The SELF Series: The Passage to Self-Compassion

Hi guys,

I hope you are well and staying safe.

So happy you have decided to come on this SELF-journey with us.

In the previous post, we (Tami and Eni) outlined some tell-tale signs you may be battling with one insecurity or another. Although we did give some pointers we would now like to dig a little deeper and really explore how we can get rid of some of these insecurities and move into a healthy state of self-compassion.

Do You Have Self-Compassion?

Before we go any further it may be useful for you to complete the Self-compassion scale to see if you have a healthy amount of self-compassion or not.

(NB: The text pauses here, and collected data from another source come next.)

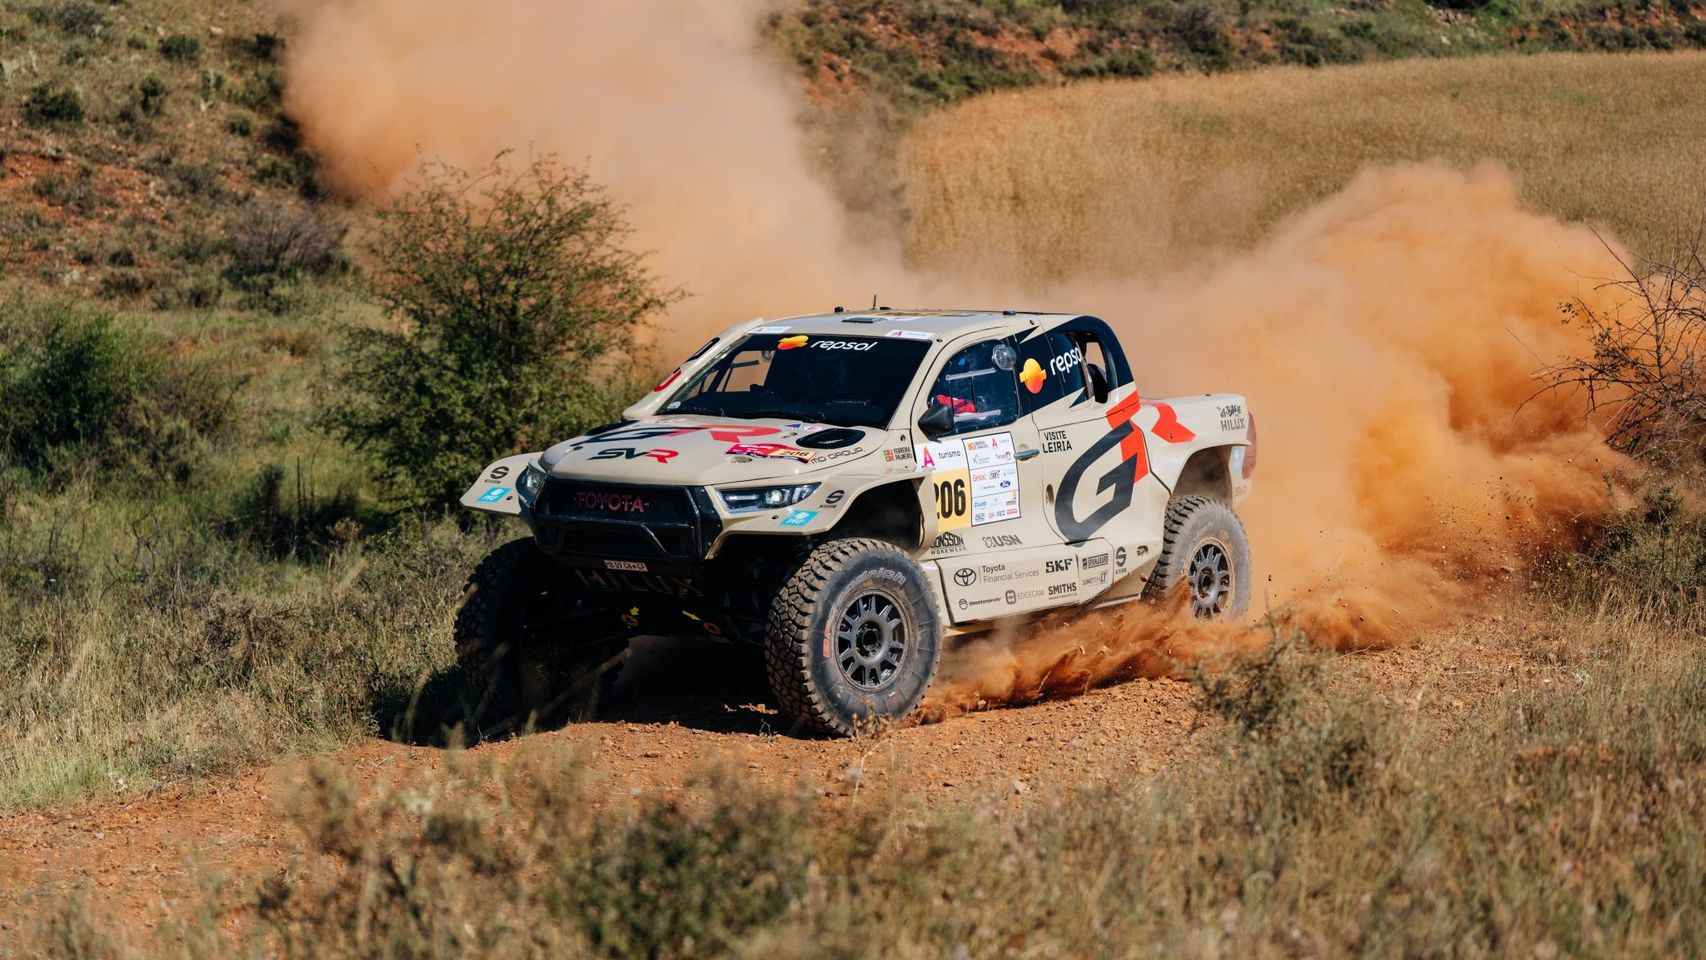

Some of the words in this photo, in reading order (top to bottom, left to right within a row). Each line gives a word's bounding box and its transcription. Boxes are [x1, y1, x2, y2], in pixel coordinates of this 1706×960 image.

[811, 340, 878, 351] repsol
[1050, 346, 1082, 376] repso
[1220, 417, 1246, 432] HILUX
[1044, 430, 1067, 441] VISITE
[828, 446, 864, 460] GROUP
[1042, 441, 1073, 454] LEIRIA
[938, 450, 961, 460] turismo
[1055, 390, 1196, 547] GR
[576, 491, 645, 513] TOYOTA
[933, 479, 966, 520] 06
[992, 534, 1023, 548] USN
[930, 547, 967, 555] WORKWEAR
[982, 563, 1006, 574] Toyota
[1045, 558, 1073, 574] SKF
[983, 572, 1013, 584] Financial
[1015, 569, 1040, 580] Services
[1017, 589, 1045, 600] EDGECAM
[1048, 582, 1077, 596] SMITHS

When I (Tami) first took this test, I scored a 1.72 which indicates my self-compassion was quite low. Now, what does that look like? It meant I used to beat myself up for months on end for any mistake I would make. In fact, if I forgot to beat myself up I would beat myself up about forgetting to beat myself. I wish I was joking lol. I felt the need to feel guilty because that’s what makes me a good person right? Remorse? haha! More like crucifixion and even Jesus rose after 3 days. My low self-compassion meant that I always felt alone in my problems… everyone in the world is living their absolute best life and I am the only one suffering. Not only does it demonstrate some form of mild narcissism – it’s selfish and demonstrates a lack of compassion for others. Low self-compassion meant I was not allowed to have a bad day, if I did not feel my best in my appearance then I looked like sh*t. My filter was pretty black and white, so no in-between and nothing but the best was satisfactory.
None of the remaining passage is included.